From: Ludovic Courtès
Subject: Re: Distributed Capabilities
Date: Tue, 28 Mar 2006 09:45:19 +0200
User-agent: Gnus/5.110004 (No Gnus v0.4) Emacs/21.4 (gnu/linux)

Hi,

Eric Northup <address@hidden> writes:

> But this is true even in the non-distributed case!  When transferring
> capabilities, you always assume that the other party is unconfined until
> you know otherwise.  And there are only certain situations where you can
> actually get a guarantee of confinement.

[...]

> In E, a hostile remote Vat (instance of E) which receives a capability can
> transmit it around to anyone and everyone.  But the hostile Vat, or other
> computers which receive copies of the capability can't do any operations
> which weren't actually authorized by that capability.  The hostile Vat is
> *not* required to be running a correct version of E for this property to
> hold.

What you are saying is that capabilities can be passed from process to
process (regardless of whether we're considering a distributed scenario
or not), which is true of course.  I agree that for this property to
hold, the runtime running on both ends doesn't need to be correct.

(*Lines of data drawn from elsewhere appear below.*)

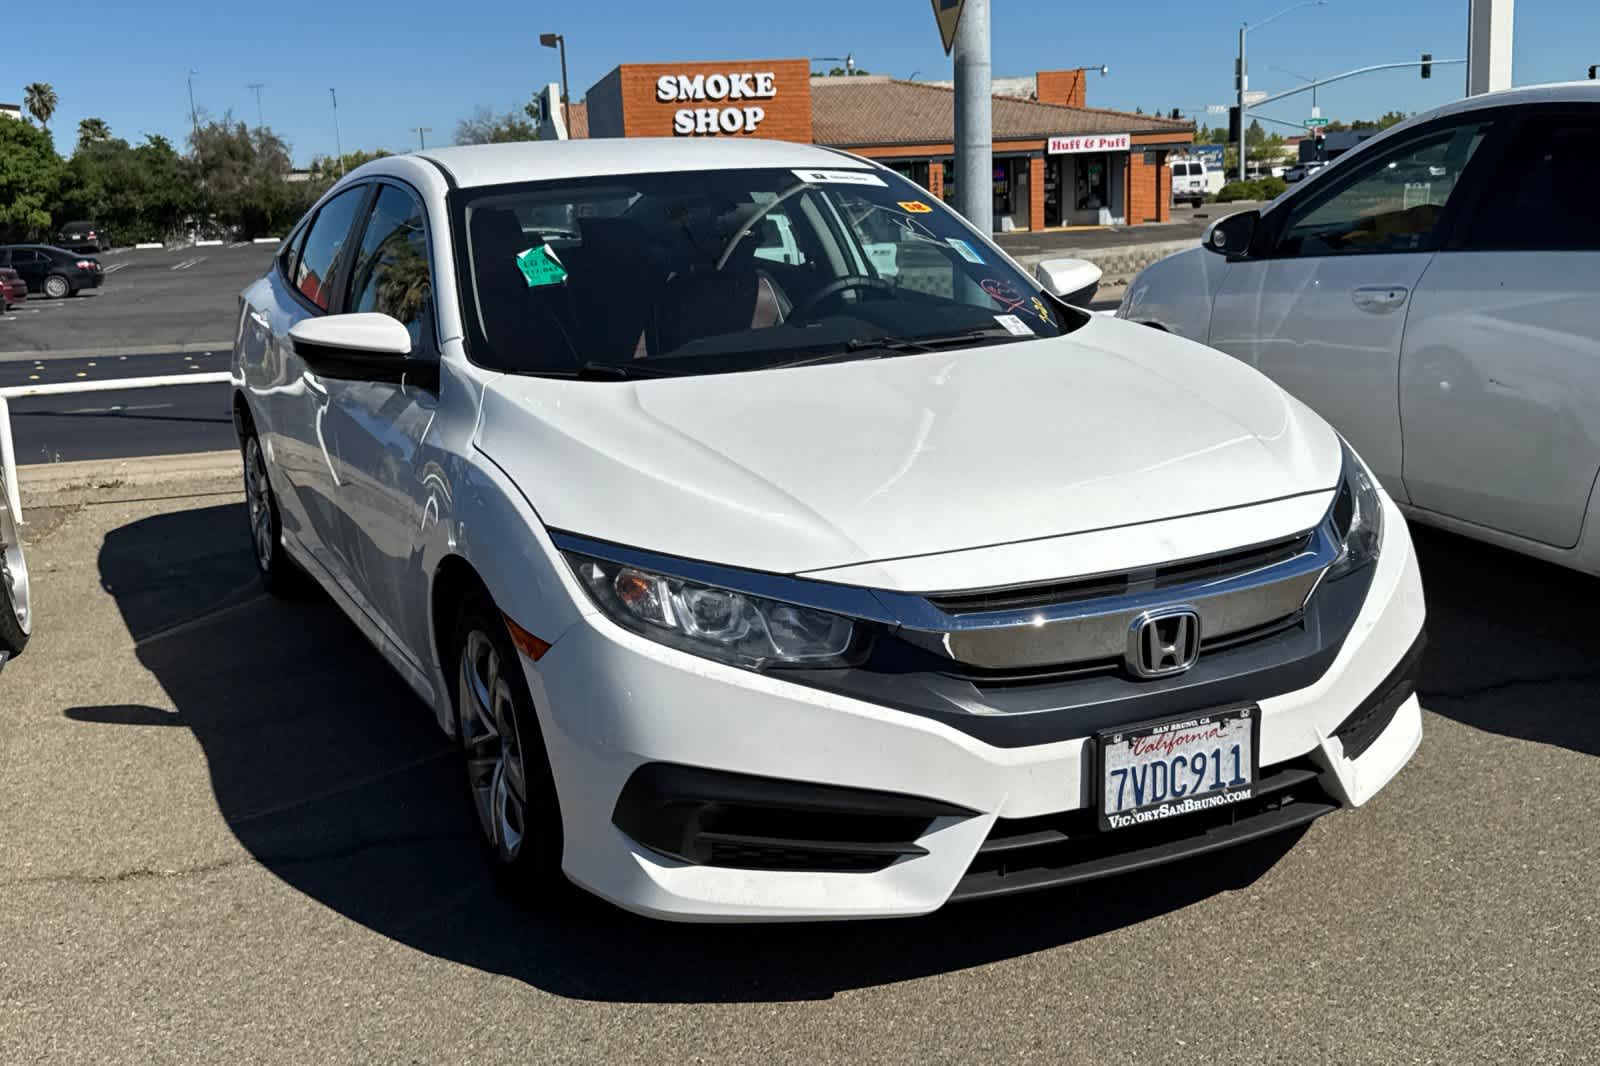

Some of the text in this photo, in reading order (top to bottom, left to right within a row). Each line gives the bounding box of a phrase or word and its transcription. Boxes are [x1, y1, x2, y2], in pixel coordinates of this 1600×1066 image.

[656, 72, 777, 101] SMOKE
[674, 107, 765, 134] SHOP
[1052, 139, 1081, 150] Huff
[1099, 137, 1126, 148] Puff
[1132, 727, 1228, 756] California
[1110, 744, 1246, 811] 7VDC911

I was just trying to say that in the distributed case one cannot be
guaranteed that some remote process is confined, unless you assume some
trusted kernel running on both ends, like a *certified* E runtime
environment.

> I agree.  But I think you are over-estimating how often real confinement
> happens -- just because you transfer a capability to a process on a
> local machine running the same kernel-protected capability kernel, that
> doesn't mean that it is confined.  The kernel-protected bits won't escape,
> but there is nothing which prevents the recipient from acting as a network
> capability proxy server, and allowing any computer on the internet to gain
> full access to the authority from that capability.
>
> Just protecting the bits of the capability isn't enough to protect the
> authority conveyed by those bits.  So I think the question of "local or
> remote?" is separate from the question of "confined or unconfined?".  The
> way they are tangled up is that we can (using the KeyKOS/EROS constructor
> mechanism, for example) sometimes answer confinement questions in the local
> case.  For the remote case, answering confinement questions becomes much
> harder, and probably requires introducing TPM-type hardware.

Exactly, or a certified language runtime.

You might be right in that I'm over-estimating when real confinement
happens.  Nevertheless, I consider confinement a very strong property,
hence being unable to implement it at all in the distributed case
(unless some trusted thing is relied on) seemed like a significant
difference to me.

Thanks,
Ludovic.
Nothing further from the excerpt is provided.